1. **Europeana Data Model (EDM)**: A flexible model for describing digital objects in the cultural heritage domain, used by Europeana.
2. **METS/MODS**: Metadata Encoding and Transmission Standard (METS) combined with Metadata Object Description Schema (MODS), commonly used for describing digital library objects.

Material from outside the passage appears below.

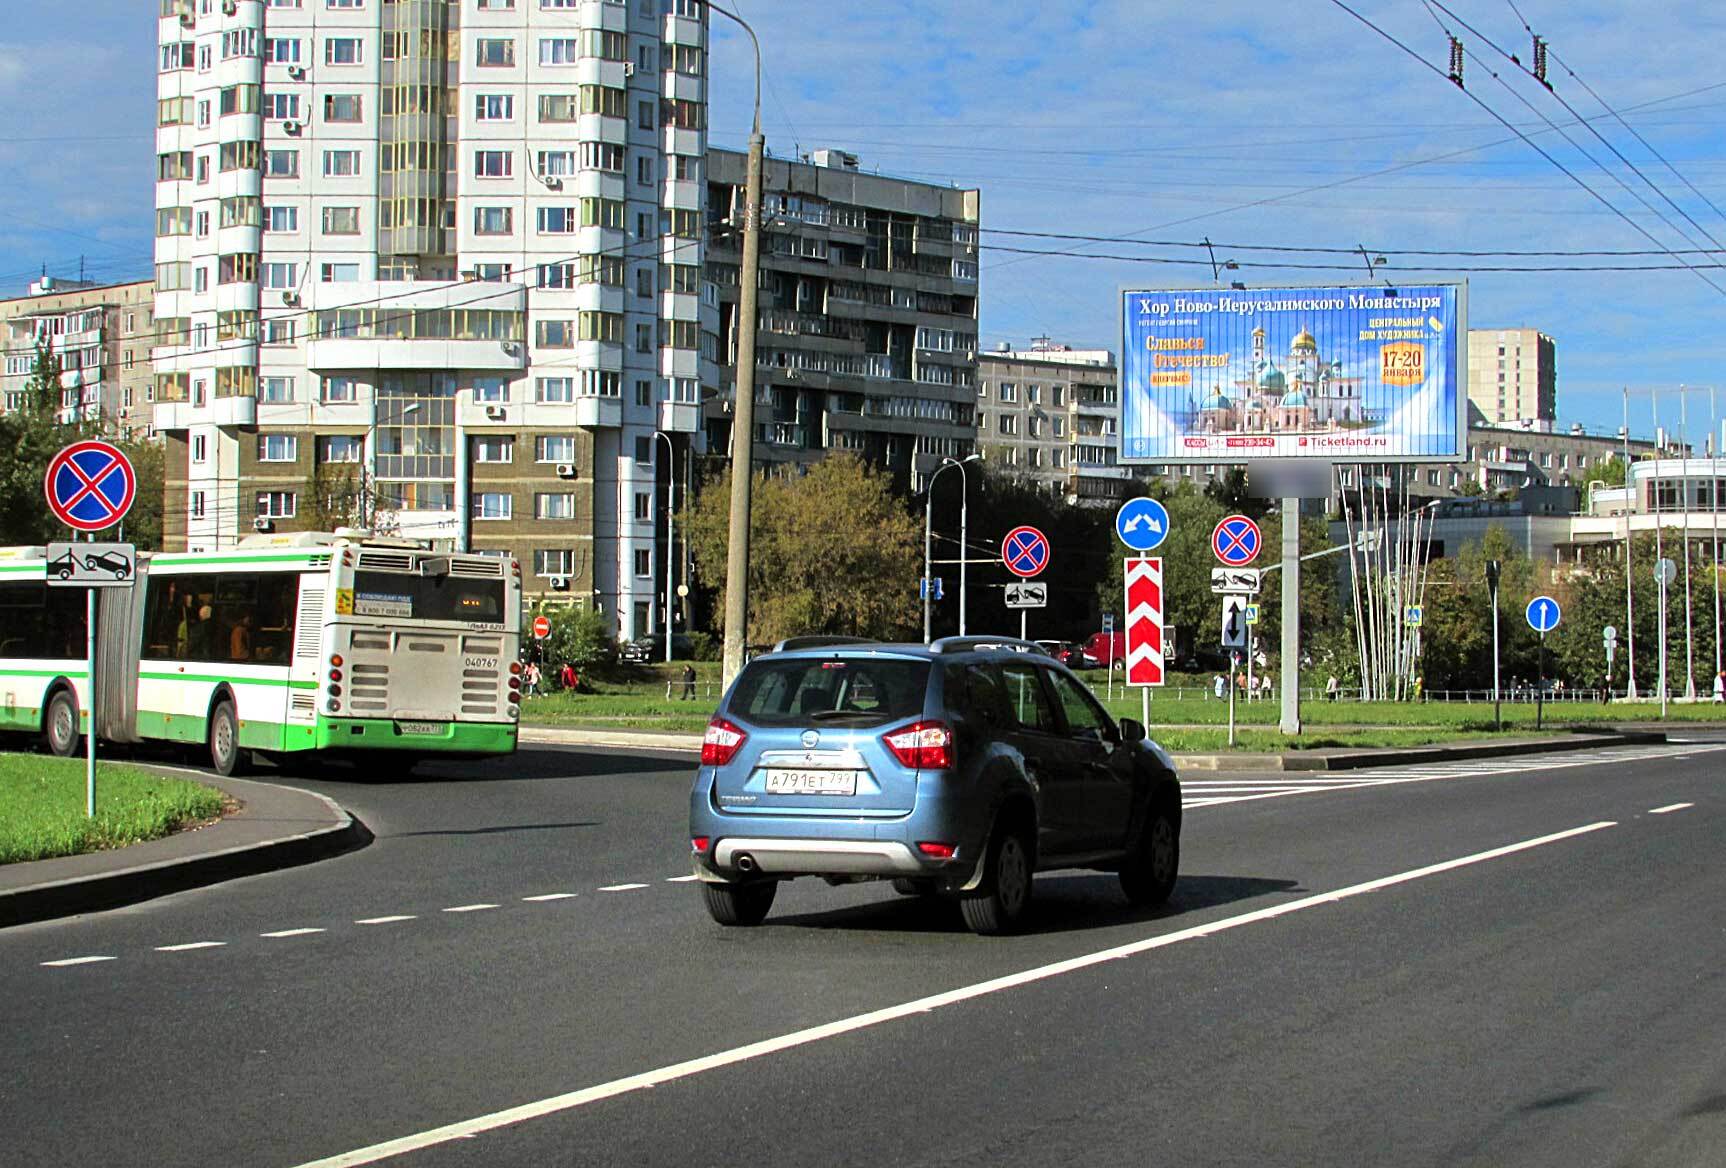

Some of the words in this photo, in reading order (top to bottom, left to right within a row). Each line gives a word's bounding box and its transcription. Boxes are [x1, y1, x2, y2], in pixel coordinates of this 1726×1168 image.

We'll use two example templates, which can be modified or extended.

#### Objectives

- Implement reserved persistent links into XMLs
- Create valid EDM and METS/MODS XML files
- Use the Validator against their respective schemas

In [2]:
from datetime import datetime, timezone
import os
from pathlib import Path
import re
from string import Template
os.chdir(Path().absolute().parent) if Path().absolute().name == "Tutorials" else None

from main_functions import create_record, publish_record, upload_files_into_deposition
from utilities import validate_edm_xml, validate_metsmods, validate_zenodo_metadata

# Define Template Paths
edm_template_path = Path("Templates/tutorial_template_edm.xml") # this is an intentionally faulty one
metsmods_template_path = Path("Templates/template_metsmods.xml")

# Load XMLs as Templates
edm_template = Template(edm_template_path.read_text(encoding="utf-8"))
metsmods_template = Template(metsmods_template_path.read_text(encoding="utf-8"))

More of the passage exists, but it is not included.